§ **What you need to do**
Every record below should be retyped exactly, and no picture should appear in the copy.

§ **Data for this exercise**
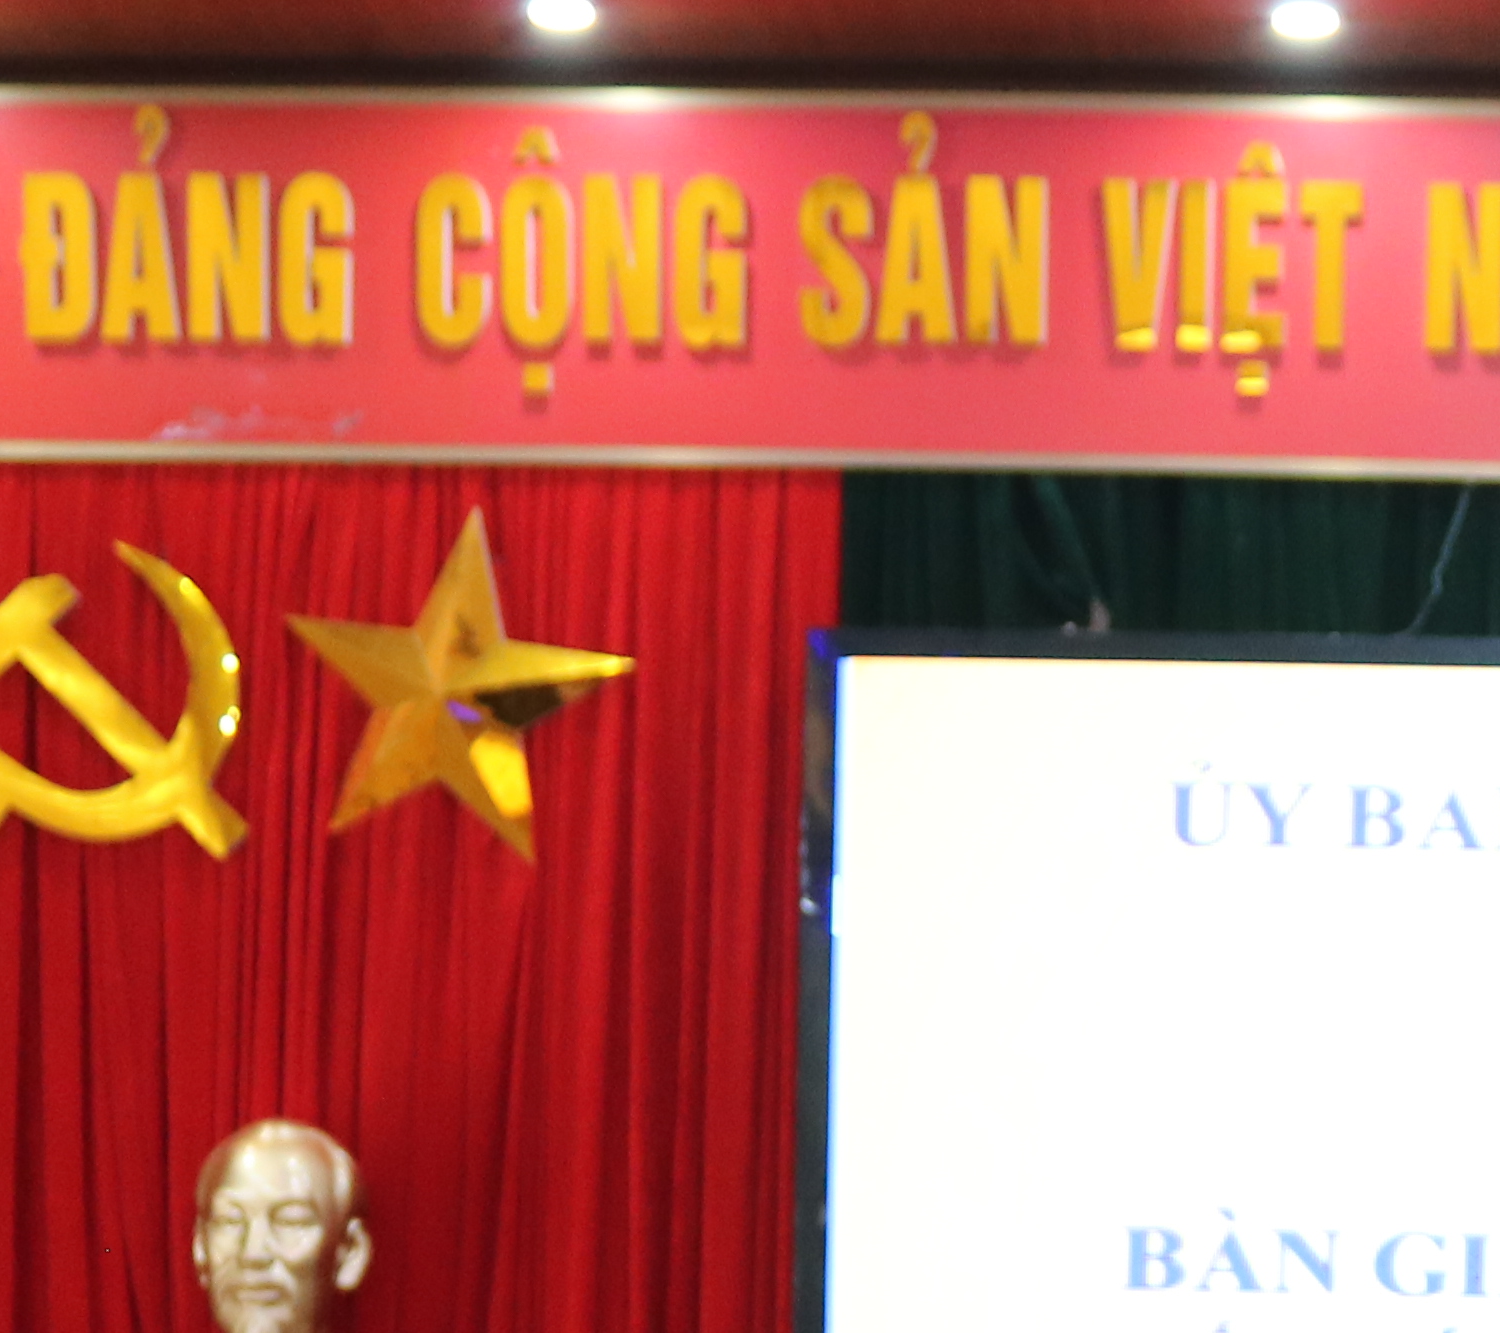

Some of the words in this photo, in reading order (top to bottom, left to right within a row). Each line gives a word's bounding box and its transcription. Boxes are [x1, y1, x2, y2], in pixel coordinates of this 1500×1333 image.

[22, 105, 353, 345] ĐẢNG
[417, 128, 747, 394] CỘNG
[800, 112, 1047, 347] SẢN
[1103, 144, 1361, 395] VIỆT
[1123, 1207, 1339, 1294] BÀN

§ **Response**
Some of the words in this photo, in reading order (top to bottom, left to right within a row). Each line gives a word's bounding box and its transcription. Boxes are [x1, y1, x2, y2], in pixel coordinates of this 1500×1333 image.

[22, 105, 353, 345] ĐẢNG
[417, 128, 747, 394] CỘNG
[800, 112, 1047, 347] SẢN
[1103, 144, 1361, 395] VIỆT
[1123, 1207, 1339, 1294] BÀN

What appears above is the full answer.